Baca juga: Danantara-INA Gandeng Perusahaan Tambang Prancis Genjot Hilirisasi Industri Nikel

Saat ini, kata dia, stok bijih nikel yang belum digunakan di dalam negeri masih sekitar 30 persen dari kebutuhan smelter. Jumlah tersebut bisa mencukupi kebutuhan selama maksimal 3 bulan.

“Nanti baru cari lagi. Akan tetapi, negosiasinya tidak semudah itu. Karena apa?
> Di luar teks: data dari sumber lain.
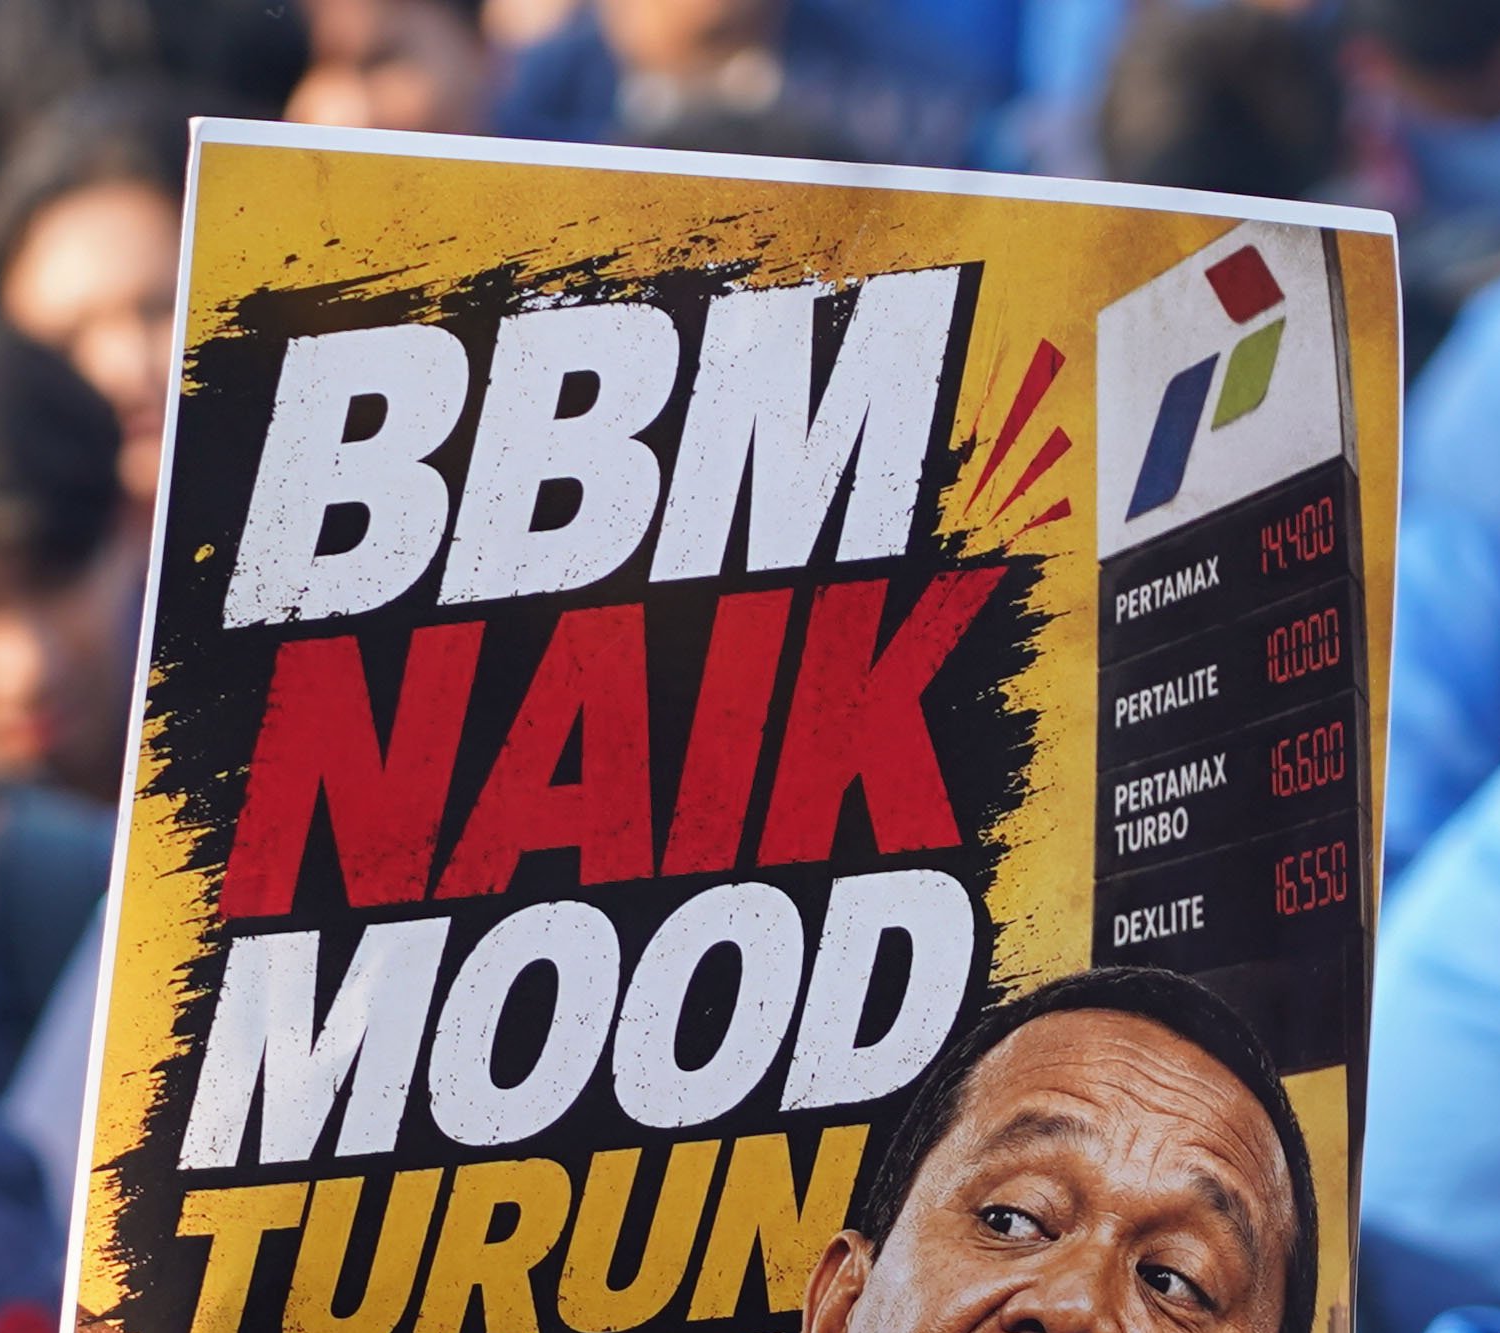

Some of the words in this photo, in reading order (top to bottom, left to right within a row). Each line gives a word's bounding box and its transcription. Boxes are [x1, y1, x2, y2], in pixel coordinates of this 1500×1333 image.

[223, 266, 961, 629] BBM
[1115, 555, 1220, 624] PERTAMAX
[1260, 496, 1335, 574] 14.400
[1115, 664, 1219, 728] PERTALITE
[1266, 607, 1341, 684] 10.000
[219, 566, 1008, 919] NAIK
[1114, 752, 1228, 817] PERTAMAX
[1271, 721, 1345, 797] 16.600
[1114, 806, 1189, 856] TURBO
[1113, 895, 1205, 947] DEXLITE
[1275, 841, 1347, 915] 16.550
[178, 870, 976, 1169] MOOD
Semua negara butuh nikel kan, sehingga siapa yang punya uang, itu yang dapat,” tuturnya.

Artinya, Indonesia harus bersaing dengan negara-negara lain untuk memperoleh tambahan pasokan bijih nikel dengan harga kompetitif. 

Cadangan Terbatas

Ketua Badan Kejuruan (BK) Pertambangan Persatuan Insinyur Indonesia (PII), Rizal Kasli, memperkirakan keterbatasan cadangan nikel Indonesia dalam 9-13 tahun kemudian. Hal ini, membuka risiko makin tingginya candu impor bijih.
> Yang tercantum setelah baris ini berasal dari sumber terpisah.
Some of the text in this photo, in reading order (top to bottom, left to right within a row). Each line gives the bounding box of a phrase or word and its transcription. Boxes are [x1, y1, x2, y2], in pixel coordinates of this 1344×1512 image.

Ia menjelaskan, smelter nikel, utamanya pirometalurgi atau yang berbasis rotary kiln electric furnace (RKEF) setidaknya membutuhkan nikel dengan kadar tinggi di atas 1,5 persen atau saprolit. Di sisi lain, cadangan nikel jenis tersebut sudah makin tergerus di dalam negeri.
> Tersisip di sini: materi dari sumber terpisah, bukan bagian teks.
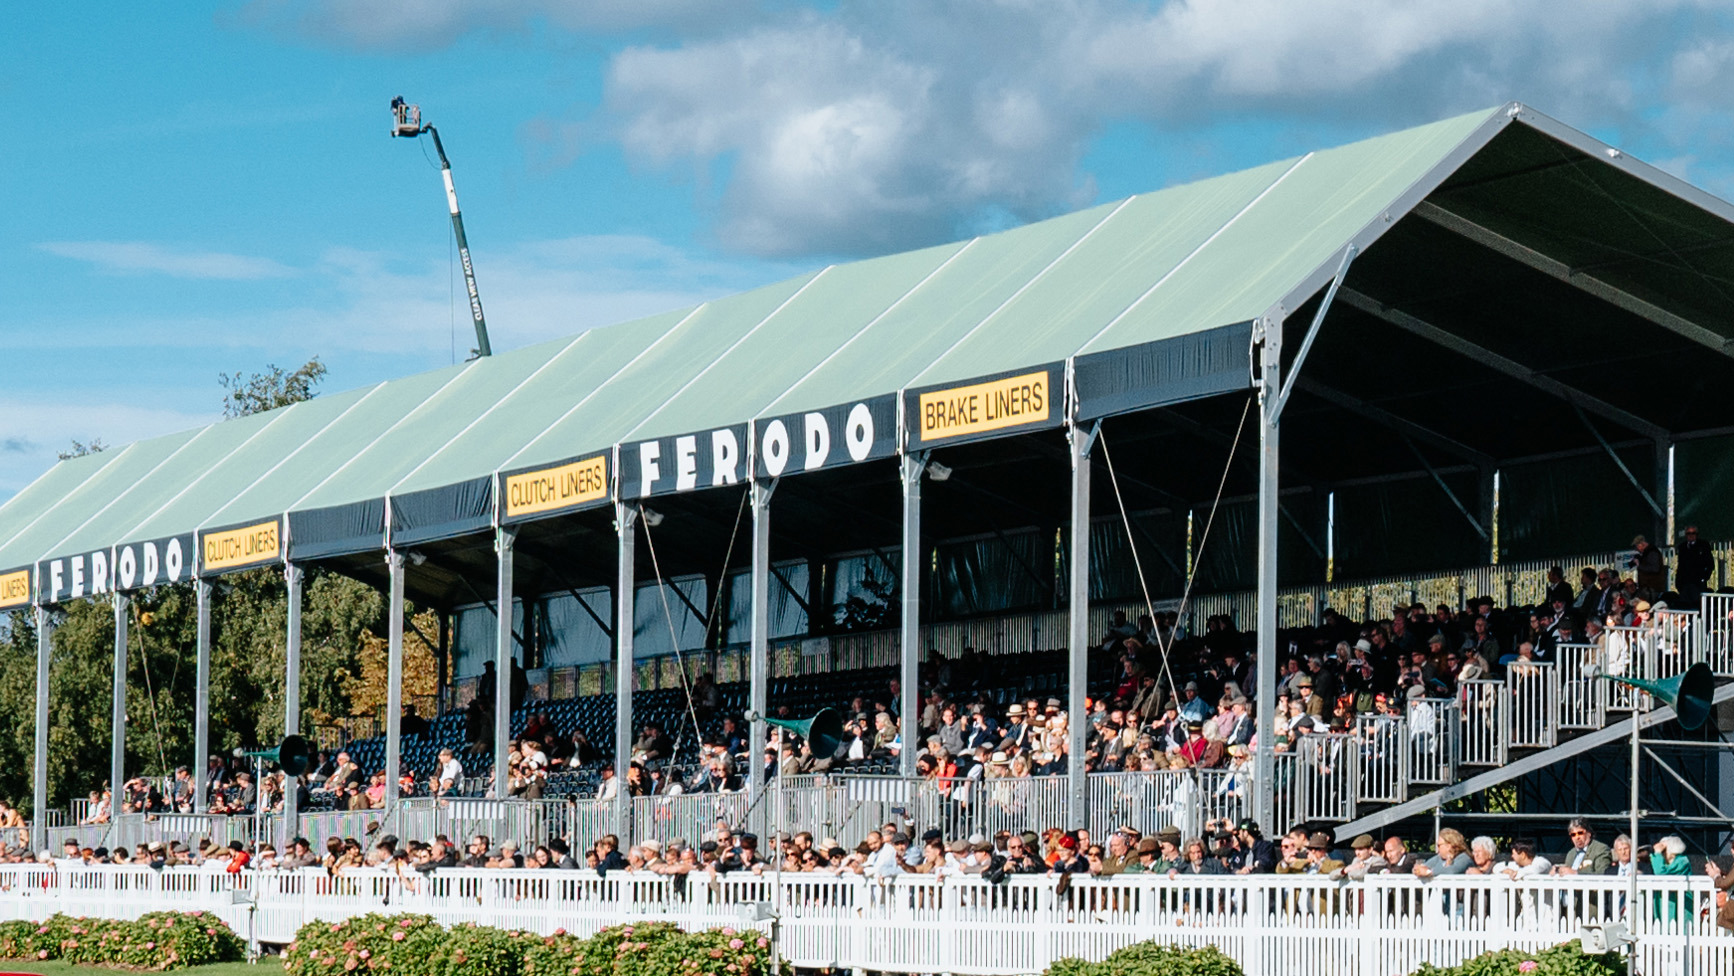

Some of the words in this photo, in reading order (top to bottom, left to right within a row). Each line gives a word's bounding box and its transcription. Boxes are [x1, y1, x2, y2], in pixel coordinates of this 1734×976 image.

[460, 247, 473, 276] ACCESS
[926, 395, 978, 431] BRAKE
[985, 382, 1044, 421] LINERS
[639, 402, 874, 499] FERODO
[511, 478, 555, 508] CLUTCH
[561, 465, 603, 498] LINERS
[207, 536, 242, 562] CLUTCH
[245, 528, 276, 554] LINERS
[1, 577, 27, 600] LINERS
[50, 537, 183, 603] FERODO
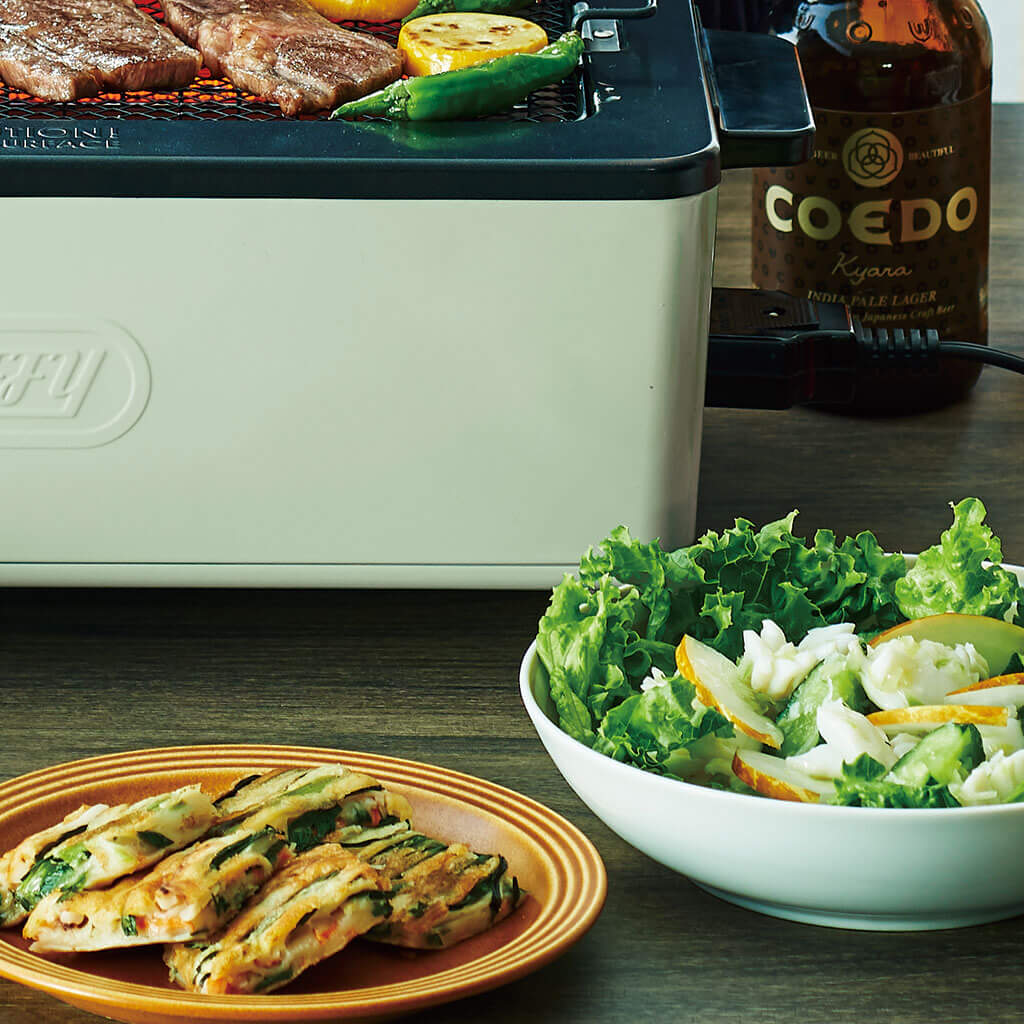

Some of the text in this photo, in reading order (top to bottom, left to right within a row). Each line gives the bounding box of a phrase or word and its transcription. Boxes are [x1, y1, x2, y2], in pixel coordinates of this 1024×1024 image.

“Cadangan kita, itu kalau dihitung antara 9-13 tahun daya tahannya. Itu bukan waktu yang lama. Kita belum apa-apa sudah pensiun. Habis sudah. Kalau menurut saya, karena smelter itu banyak sekali dibangun; 100 lebih, bahkan 144 terakhir ya,” jelasnya.

Baca juga: Tak Hanya Nikel, Hilirisasi Tembaga Bikin Penerimaan Negara Melejit

Di sisi lain, kata dia, cadangan nikel saprolit terus menipis karena tak diimbangi dengan upaya eksplorasi di wilayah-wilayah greenfield dan frontier untuk mempertebal daya tahan cadangan tertakar domestik.

Hasilnya, impor bijih nikel tidak terhindarkan, padahal Indonesia merupakan produsen nikel terbesar di dunia.

“Perusahaan-perusahaan besar seperti Vale atau Antam, memang dia akan survive karena areal [tambangnya] luas. Cadangannya banyak. Akan tetapi, yang kecil-kecil—apalagi smelter yang tidak terintegrasi dengan tambangnya — itu akan riskan,” pungkasnya.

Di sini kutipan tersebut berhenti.